[Exercise aim]
Exclude any images and output the remaining records exactly.

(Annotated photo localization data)
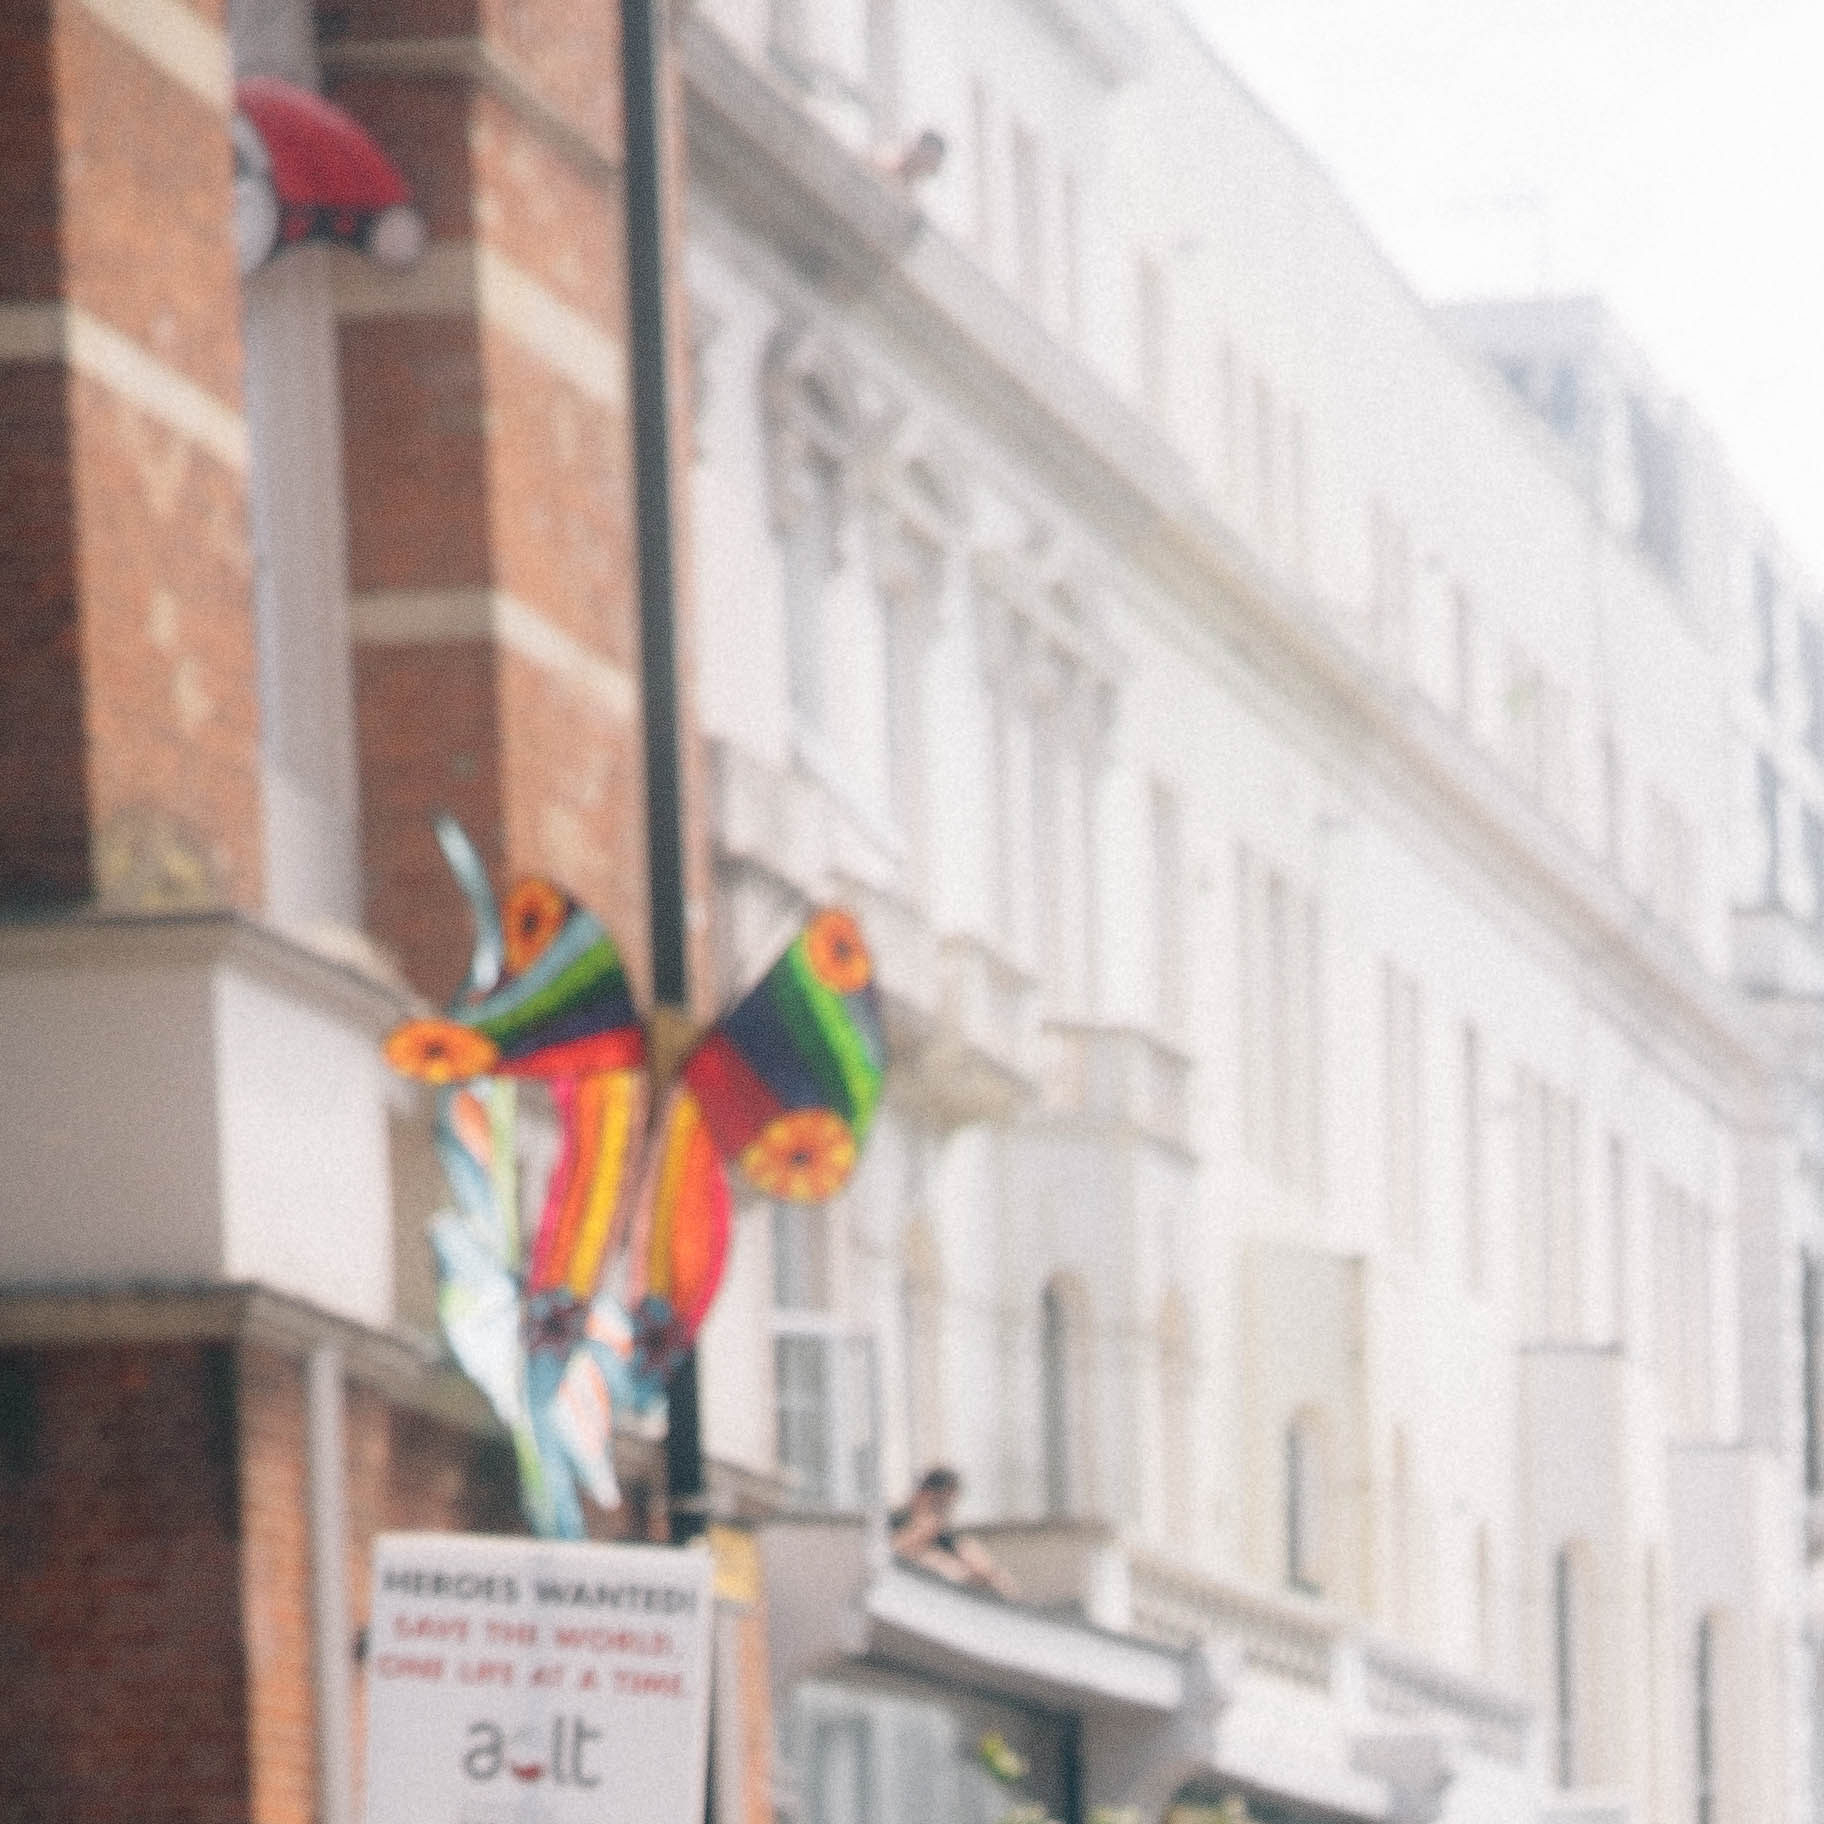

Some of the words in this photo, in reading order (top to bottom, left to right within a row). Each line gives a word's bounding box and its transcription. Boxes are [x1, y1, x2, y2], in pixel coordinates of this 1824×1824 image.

[382, 1569, 521, 1605] HEROES
[393, 1614, 469, 1643] SAVE
[486, 1619, 538, 1646] THE
[377, 1654, 445, 1684] ONE
[459, 1660, 514, 1688] LIFE
[528, 1664, 564, 1689] AT
[578, 1667, 600, 1692] A
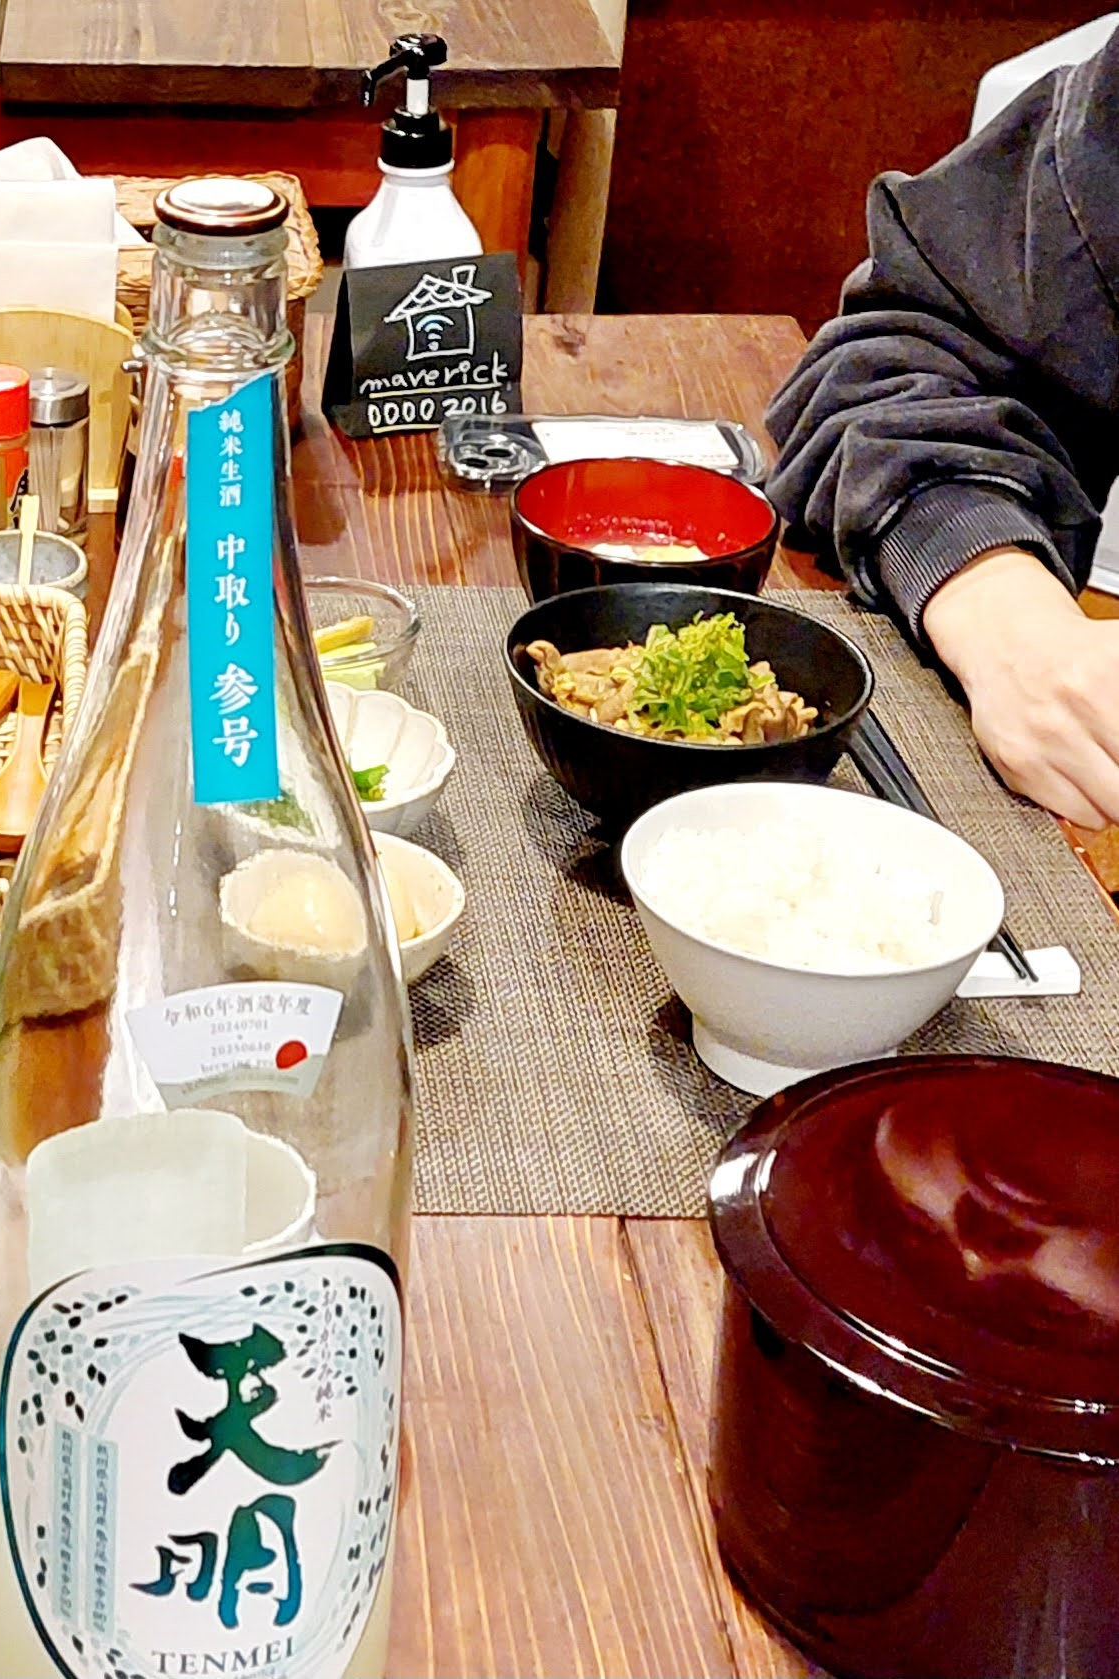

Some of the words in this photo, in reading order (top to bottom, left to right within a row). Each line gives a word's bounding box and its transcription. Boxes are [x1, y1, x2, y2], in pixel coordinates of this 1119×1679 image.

[359, 350, 509, 395] maverick
[218, 409, 245, 507] 純米生酒
[214, 533, 251, 648] 中取り
[209, 662, 260, 768] 参号
[165, 993, 312, 1028] 令和6年酒造年度
[129, 1322, 343, 1630] 天明
[151, 1636, 294, 1676] TENMEI

[Output for this task]
Some of the words in this photo, in reading order (top to bottom, left to right within a row). Each line gives a word's bounding box and its transcription. Boxes are [x1, y1, x2, y2], in pixel coordinates of this 1824×1824 image.

[382, 1569, 521, 1605] HEROES
[393, 1614, 469, 1643] SAVE
[486, 1619, 538, 1646] THE
[377, 1654, 445, 1684] ONE
[459, 1660, 514, 1688] LIFE
[528, 1664, 564, 1689] AT
[578, 1667, 600, 1692] A

Some of the words in this photo, in reading order (top to bottom, left to right within a row). Each line gives a word's bounding box and its transcription. Boxes are [x1, y1, x2, y2], in pixel coordinates of this 1119×1679 image.

[359, 350, 509, 395] maverick
[218, 409, 245, 507] 純米生酒
[214, 533, 251, 648] 中取り
[209, 662, 260, 768] 参号
[165, 993, 312, 1028] 令和6年酒造年度
[129, 1322, 343, 1630] 天明
[151, 1636, 294, 1676] TENMEI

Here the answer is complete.